§ Description of the task: Would you return the data exactly as given, except for its pictures?

#### Information given

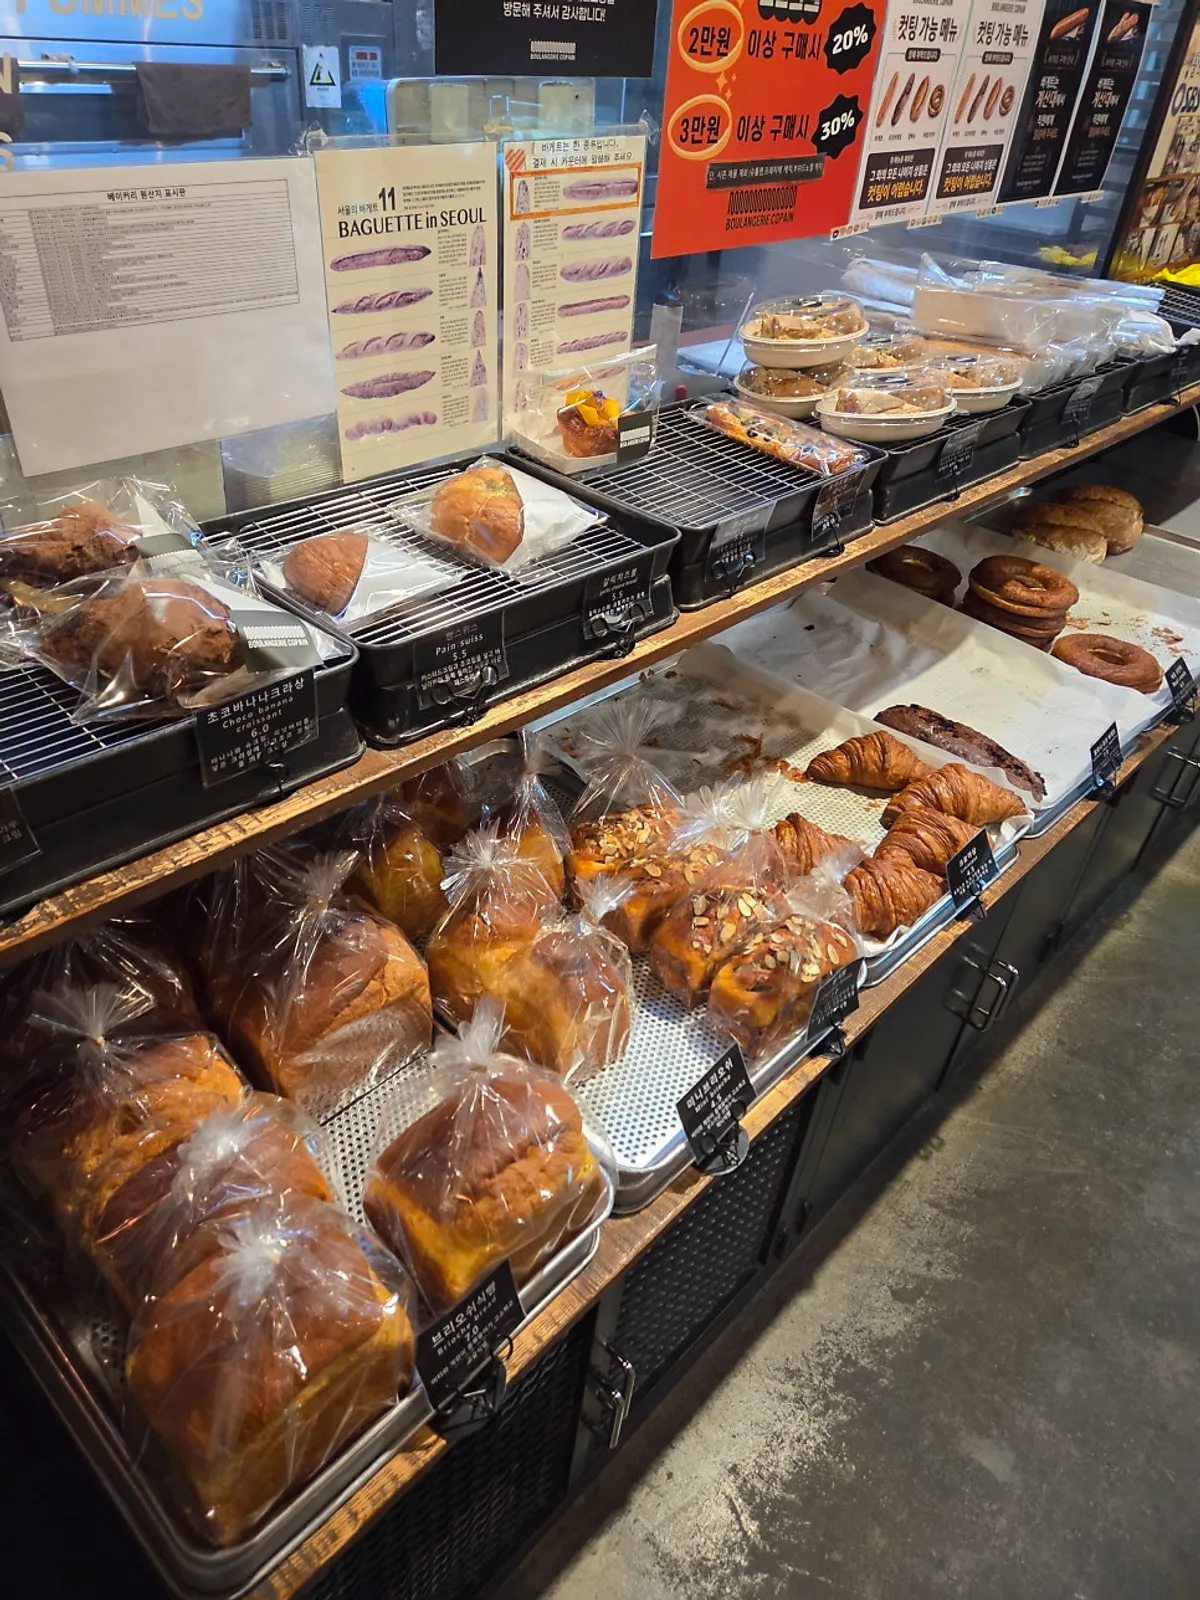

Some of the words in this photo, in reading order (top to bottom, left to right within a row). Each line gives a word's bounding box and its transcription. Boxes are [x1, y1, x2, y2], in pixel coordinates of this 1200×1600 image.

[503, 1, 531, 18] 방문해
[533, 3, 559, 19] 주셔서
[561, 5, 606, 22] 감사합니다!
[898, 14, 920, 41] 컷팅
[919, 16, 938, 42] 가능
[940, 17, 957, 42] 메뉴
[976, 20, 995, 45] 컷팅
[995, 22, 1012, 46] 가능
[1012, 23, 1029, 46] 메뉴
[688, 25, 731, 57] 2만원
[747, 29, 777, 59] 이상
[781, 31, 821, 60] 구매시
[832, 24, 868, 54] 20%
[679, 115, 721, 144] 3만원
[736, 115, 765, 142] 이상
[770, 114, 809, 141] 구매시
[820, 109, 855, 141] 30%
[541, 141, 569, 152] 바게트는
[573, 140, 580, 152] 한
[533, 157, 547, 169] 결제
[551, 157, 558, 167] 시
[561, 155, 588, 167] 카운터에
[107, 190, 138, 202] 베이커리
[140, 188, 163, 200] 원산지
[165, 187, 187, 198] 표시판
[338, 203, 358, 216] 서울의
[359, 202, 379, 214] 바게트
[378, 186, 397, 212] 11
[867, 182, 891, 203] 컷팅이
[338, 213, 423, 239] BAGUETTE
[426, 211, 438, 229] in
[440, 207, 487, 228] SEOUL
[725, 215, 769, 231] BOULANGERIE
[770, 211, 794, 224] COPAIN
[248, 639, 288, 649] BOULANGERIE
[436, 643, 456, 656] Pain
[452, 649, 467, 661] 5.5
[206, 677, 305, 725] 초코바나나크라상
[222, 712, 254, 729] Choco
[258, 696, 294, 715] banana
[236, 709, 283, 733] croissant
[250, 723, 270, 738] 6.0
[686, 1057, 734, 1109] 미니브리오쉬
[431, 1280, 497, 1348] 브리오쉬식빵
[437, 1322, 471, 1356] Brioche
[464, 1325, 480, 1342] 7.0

########

§ Answer box:
Some of the words in this photo, in reading order (top to bottom, left to right within a row). Each line gives a word's bounding box and its transcription. Boxes are [x1, y1, x2, y2], in pixel coordinates of this 1200×1600 image.

[503, 1, 531, 18] 방문해
[533, 3, 559, 19] 주셔서
[561, 5, 606, 22] 감사합니다!
[898, 14, 920, 41] 컷팅
[919, 16, 938, 42] 가능
[940, 17, 957, 42] 메뉴
[976, 20, 995, 45] 컷팅
[995, 22, 1012, 46] 가능
[1012, 23, 1029, 46] 메뉴
[688, 25, 731, 57] 2만원
[747, 29, 777, 59] 이상
[781, 31, 821, 60] 구매시
[832, 24, 868, 54] 20%
[679, 115, 721, 144] 3만원
[736, 115, 765, 142] 이상
[770, 114, 809, 141] 구매시
[820, 109, 855, 141] 30%
[541, 141, 569, 152] 바게트는
[573, 140, 580, 152] 한
[533, 157, 547, 169] 결제
[551, 157, 558, 167] 시
[561, 155, 588, 167] 카운터에
[107, 190, 138, 202] 베이커리
[140, 188, 163, 200] 원산지
[165, 187, 187, 198] 표시판
[338, 203, 358, 216] 서울의
[359, 202, 379, 214] 바게트
[378, 186, 397, 212] 11
[867, 182, 891, 203] 컷팅이
[338, 213, 423, 239] BAGUETTE
[426, 211, 438, 229] in
[440, 207, 487, 228] SEOUL
[725, 215, 769, 231] BOULANGERIE
[770, 211, 794, 224] COPAIN
[248, 639, 288, 649] BOULANGERIE
[436, 643, 456, 656] Pain
[452, 649, 467, 661] 5.5
[206, 677, 305, 725] 초코바나나크라상
[222, 712, 254, 729] Choco
[258, 696, 294, 715] banana
[236, 709, 283, 733] croissant
[250, 723, 270, 738] 6.0
[686, 1057, 734, 1109] 미니브리오쉬
[431, 1280, 497, 1348] 브리오쉬식빵
[437, 1322, 471, 1356] Brioche
[464, 1325, 480, 1342] 7.0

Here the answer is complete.